Umut Ölü Türküydü
Denizi bir nevresim gibi kaldırıp üstüne yorgan gibi örtmeyi düşlüyordu. Kayalara ıslak saçlarını serip, yengeçlerin teninde yürüdüğünü hissederken, taşlar gibi karara karara ölürdü buracıkta. Kayalara yapışan esmer midyeler gibi tutunurdu ölüme. Ölümle dünya arası altı üstü bir candı. Ölüm ne kadar yakın, bu can ne çok bıkkındı. Zihninde acımtırak şarkılar çalıyordu. "Burası uygun değil " diyordu içteki yerden bir ses. Bu balıkçı yan gözle hep ona bakıyordu. Martılar çok geveze, denizse çok sakindi.
Telefondan beklediği çağrılar gelmiyordu. Kim bilir kaç vakittir zil sesi beklese de o sesi duymadı hiç. Bir kaç tereddüt sonrası taşların üzerinde vura vura, parça parça dağıttı telefonu. Zaten bütün belalar bununla başlamıştı. Telefonu kırsa da hiç bir şey düzelmedi. Telefon ezilse de azaplar canda sağdı.

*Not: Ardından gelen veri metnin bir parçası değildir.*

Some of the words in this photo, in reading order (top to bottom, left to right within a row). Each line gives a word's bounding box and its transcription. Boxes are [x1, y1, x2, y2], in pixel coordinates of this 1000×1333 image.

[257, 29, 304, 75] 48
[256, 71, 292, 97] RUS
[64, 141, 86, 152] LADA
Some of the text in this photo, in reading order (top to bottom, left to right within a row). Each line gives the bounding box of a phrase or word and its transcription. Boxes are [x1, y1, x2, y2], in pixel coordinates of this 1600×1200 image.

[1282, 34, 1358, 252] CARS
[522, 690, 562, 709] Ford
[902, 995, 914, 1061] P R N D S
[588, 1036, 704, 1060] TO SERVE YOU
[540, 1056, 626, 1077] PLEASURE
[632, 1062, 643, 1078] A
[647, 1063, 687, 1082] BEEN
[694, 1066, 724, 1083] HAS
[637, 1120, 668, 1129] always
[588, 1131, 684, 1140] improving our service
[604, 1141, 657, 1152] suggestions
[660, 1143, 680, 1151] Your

Geçmişi her hücresine vantuz gibi yapışıktı. Mazisi, görünmez kolları ve vantuzuyla ruhunda ve beyninde sırnaşık ahtapottu. Dününden, ailesinden bu ana dek bildiği, tanıştığı herkesten kopuvermek, ömrünce tek kere gelen bir fırsattı ona şimdi. Her şeyi terkedivermek, bir gemiye binip gitmek, başka diyarlara göçmek, martıların kanadında göklerce uzaklaşmak şu anda seçenekti. Ölmeyi seçmek bile keyfince tercihti artık. Kapanmış kapıları açılsın diye çalmak boşuna çabaydı gayri. Sığındığı kapıdan da bir cevap gelmemişti. Şu ana dek aranmamış olması çok şeye işaretti. Ondan da hiç umut yoktu. Acıdan zehir acı; yıkılan bu umuttaydı. Bu darbe, şuurundaki tek tutunma yerini de tuz buz edip dağıtmıştı. Umut, beklediği o sesin içinde can suyuydu. Çalmayan zil sesiyle şah damar kesilmişti. Ezilmiş bu telefon umudun ölüsüydü.
Akıl canla aynı şey mi, akıl ve can ayrı mıdır? Can, aklına yuva olan bedene isyandaydı. Akıl, can ve bedeni kavından kopuşmak istiyordu. Belki de akıl ve ruh birlikte gidecekti. Akıl başka isyanda, can başka isyandaydı. Üçünün tek bedende kalması imkansızdı.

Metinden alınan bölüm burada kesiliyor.